Both phase and peltiers are both great cooling systems. there is still much more to the system that needs to be done then just slapping one of those on. you have to frost/water proof the board, while peltiers need the own power supply to run.


I've played with almost every cooling solution, air is the easiest, then water, phase and peltiers are about the same but are harder to set up then water, and LN2 is the hardest to run but about the same setup as phase and peltiers. Just have to keep remembering to fill the pot.

nine times out of ten you ruin the board when doing phase and peltiers because of the frost proofing that has to be done.

almost every time you make the step past watercooling the rig is never a daily user anymore its for benchmark running, meaning you have a second rig to use for gaming and everyday use while you overclock the crap out of the first one.
February 11, 2013 7:10:10 PM

Agreed.

My ambition, won't let me past air, or a sealed water cooler.
I haven't overclocked, since the Barton.(still running overclocked after 10years)
February 12, 2013 12:46:24 AM

rshillshooter81 said:
I think he is asking if Water cooling provides a better overclock then air? if that is the actual question, then yes, it does provide more room for overclocking then air.


how much higher?
i got a fx 8350
a b K Overclocking
February 12, 2013 10:55:11 AM

There are a few things we need to know.

What are your system specs?
Are you overclocking now? If you are how fast, volts, and temps.

How high really depends on temps and how much you want to push your system. I'm not one for AMD so most likly i wont be able to answere a lot of quetions when it comes to overclocking them.

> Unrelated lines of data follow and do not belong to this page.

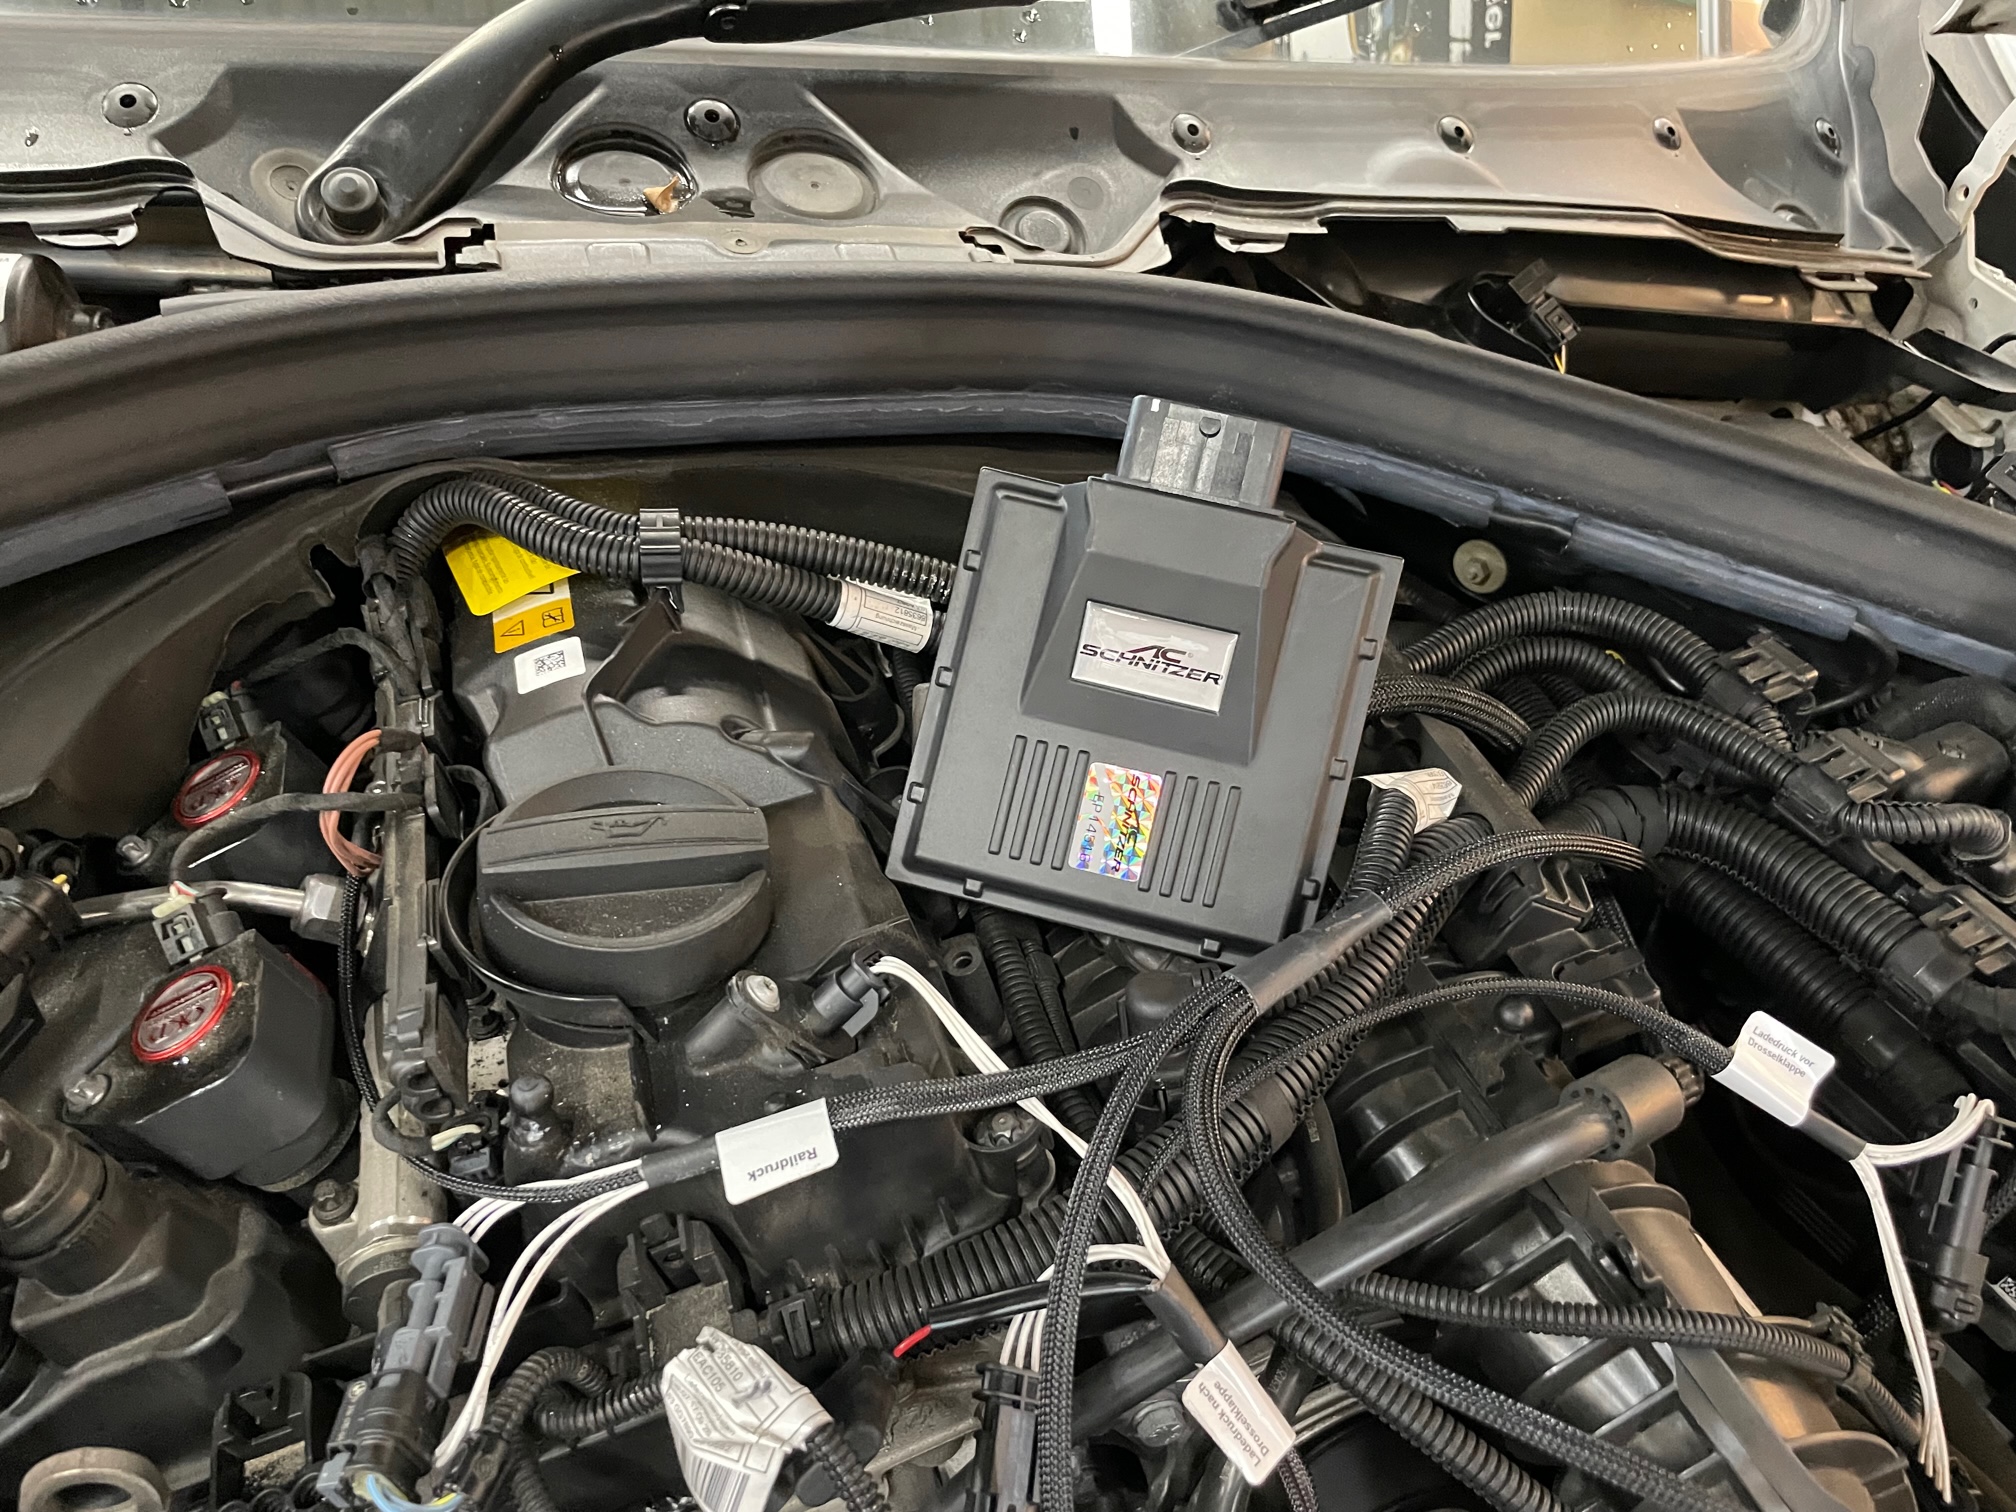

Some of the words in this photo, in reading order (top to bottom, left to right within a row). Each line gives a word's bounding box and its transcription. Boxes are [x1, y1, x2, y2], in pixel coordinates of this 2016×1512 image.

[1080, 643, 1223, 686] SCHNITZER
[1127, 643, 1187, 664] AC
[1111, 773, 1141, 873] SCHNITZER
[1747, 1036, 1807, 1078] Drosselklappe
[1752, 1025, 1799, 1059] Ladedruck
[1799, 1054, 1816, 1069] vor
[747, 1147, 818, 1182] Raildruck
[692, 1351, 726, 1393] EAC105
[1198, 1381, 1221, 1411] nach
[1213, 1380, 1270, 1458] Drosselklappe
[1217, 1408, 1262, 1468] Ladedruck

I know for intel for everyday gaming use the sweet spot is around 4.2ghz. The ghz to heat to added fps just arent there. I now game on a i7 2600k and have it running @ 4.1ghz, it stays very cool and uses low voltage. For benchmarking I can turn it up to 5.4ghz and still stay within good temps, I've only been limited by my motherboard on voltage as to why i havent gone faster. I could override the MB and turn the voltage up more but this is where the are you comfertable with doing so, and i am not as of now.
!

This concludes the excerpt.